Christmas is just about here! If you’re planning a trip to visit loved ones to spend the holidays together, you probably want to know what kind of traveling weather is in store. Will it be white, wet, or what? See what the Farmers’ Almanac is forecasting for December 24–27th, 2019 so you can plan:
Zone 1 – Northeast & New England New York, Vermont, New Hampshire, Maine, Massachusetts, Rhode Island, Connecticut, Pennsylvania, New Jersey, Delaware, Maryland, Washington D.C. Wet and white for Christmas: Rain showers (south), wet snow (north).

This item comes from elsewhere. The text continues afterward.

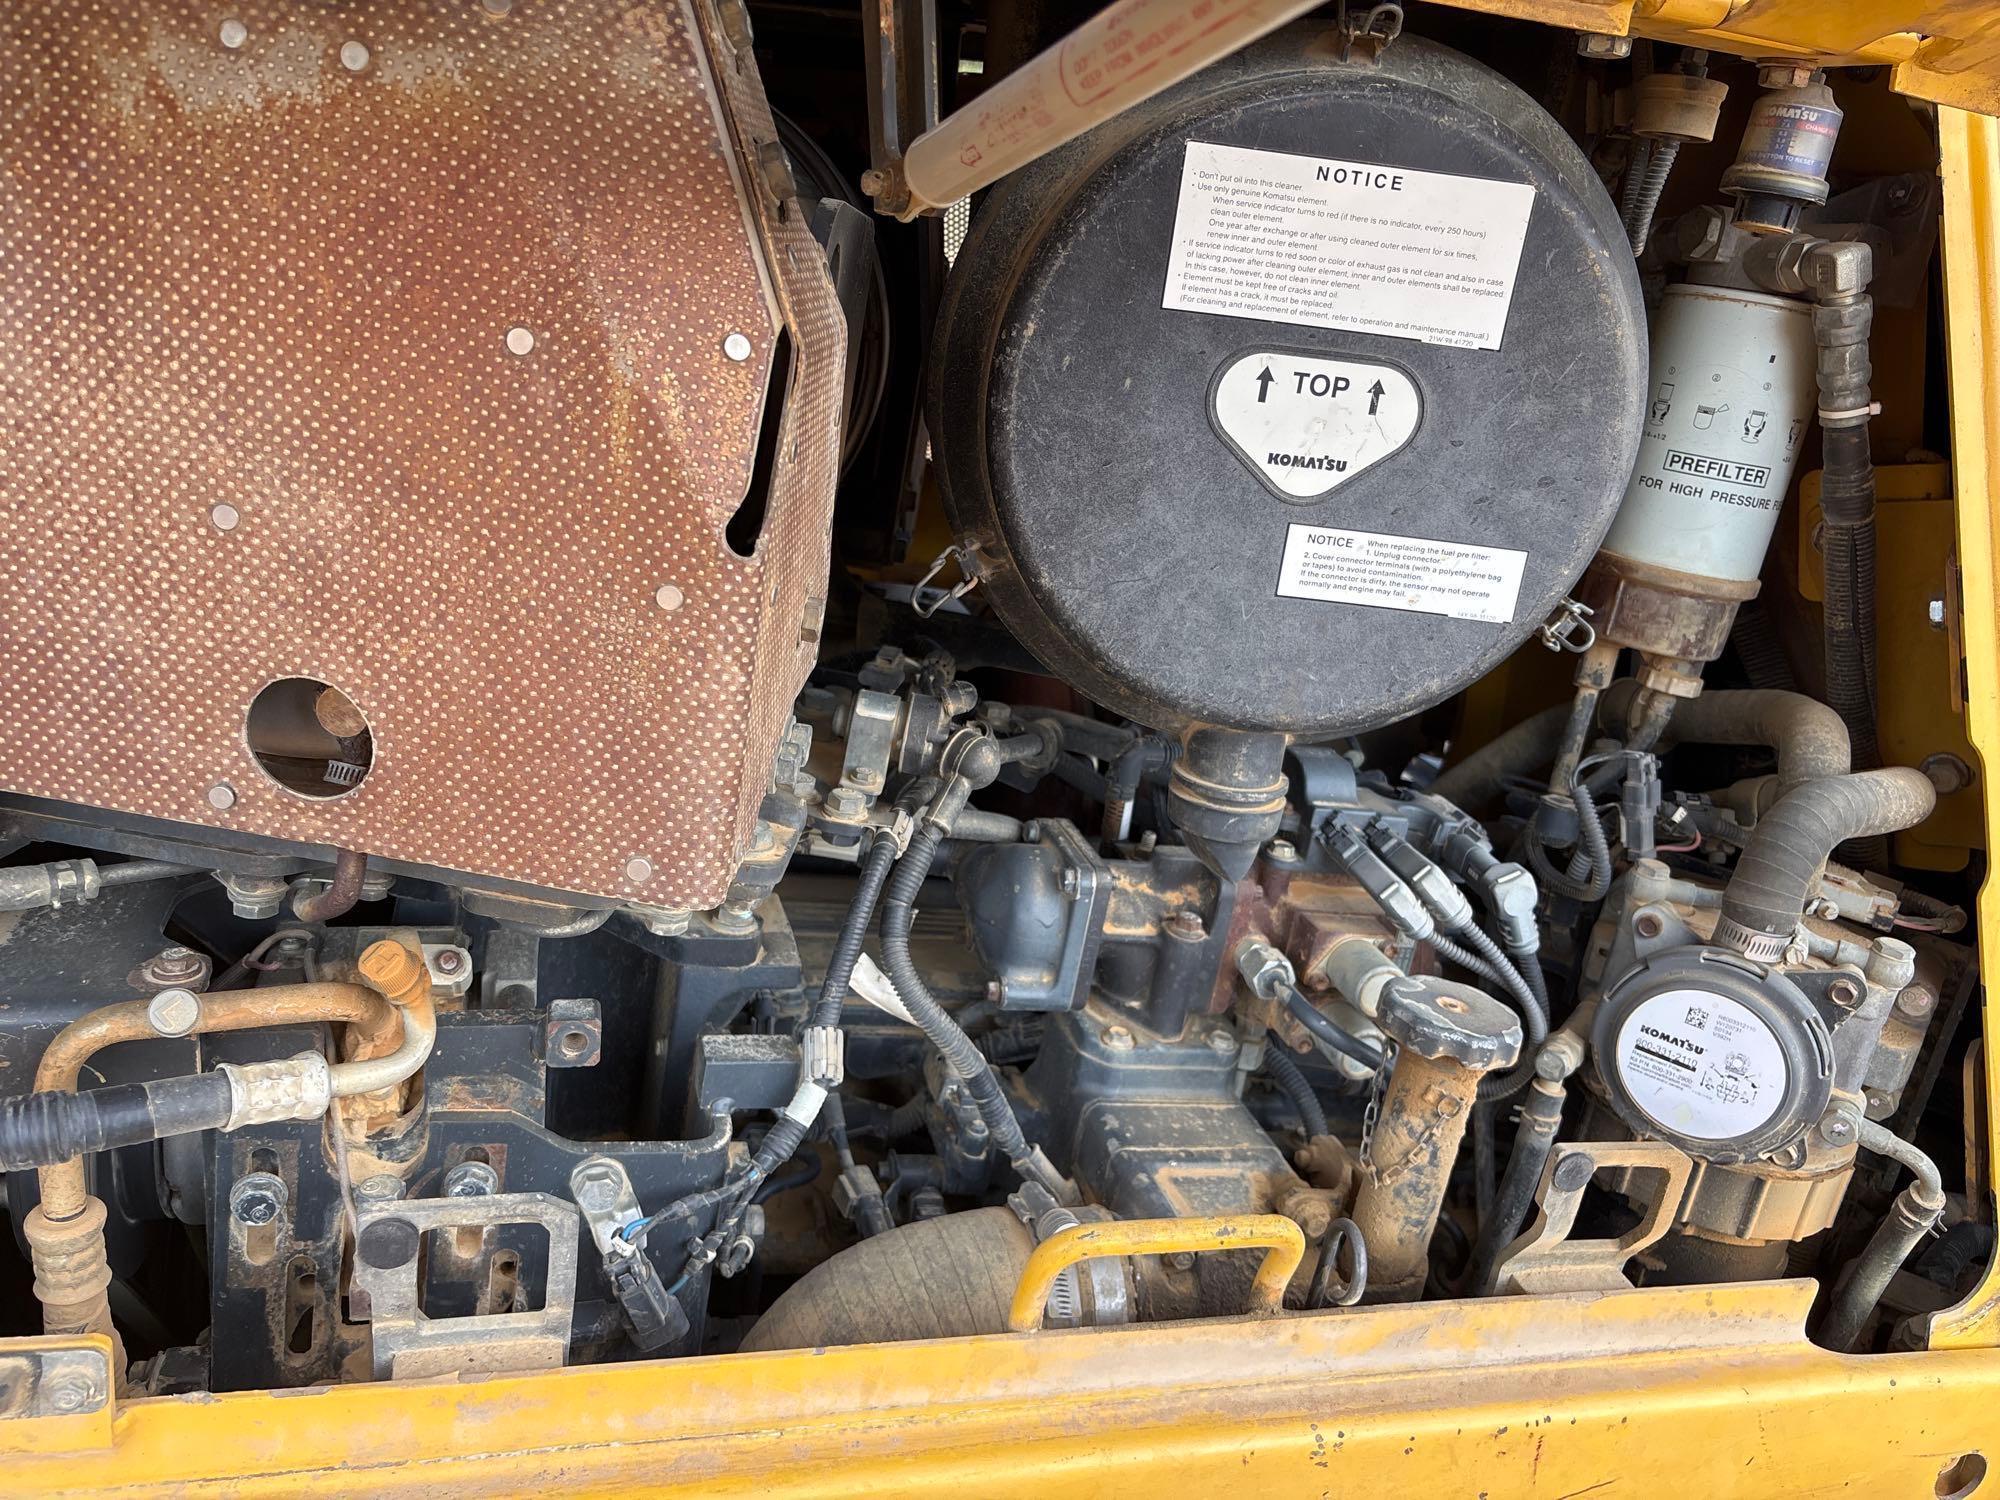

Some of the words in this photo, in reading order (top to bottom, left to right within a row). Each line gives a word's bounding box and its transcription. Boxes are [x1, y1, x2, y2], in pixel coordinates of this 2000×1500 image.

Zone 2 – Great Lakes, Ohio Valley & Midwest Ohio, Michigan, Indiana, Kentucky, Illinois, Wisconsin Sunshine, cold and dry for Christmas.
Zone 3 – Southeast Tennessee, Virginia, West Virginia, North Carolina, South Carolina, Georgia, Alabama, Mississippi, Florida More showery weather, possibly soggy Christmas.
Zone 4 – North Central Missouri, Iowa, Minnesota, North Dakota, South Dakota, Nebraska, Kansas, Colorado, Wyoming, Montana Generally fair, dry, very cold for Christmas.
Zone 5 – South Central Arkansas, Louisiana, Oklahoma, Texas, New Mexico Fair, dry, cold for the holiday.
Zone 6 – Northwest Washington, Oregon, Idaho Skies are generally fair, dry, and cold for Christmas.
Zone 7 – Southwest California, Nevada, Utah, Arizona Fair, dry, very chilly for Christmastime.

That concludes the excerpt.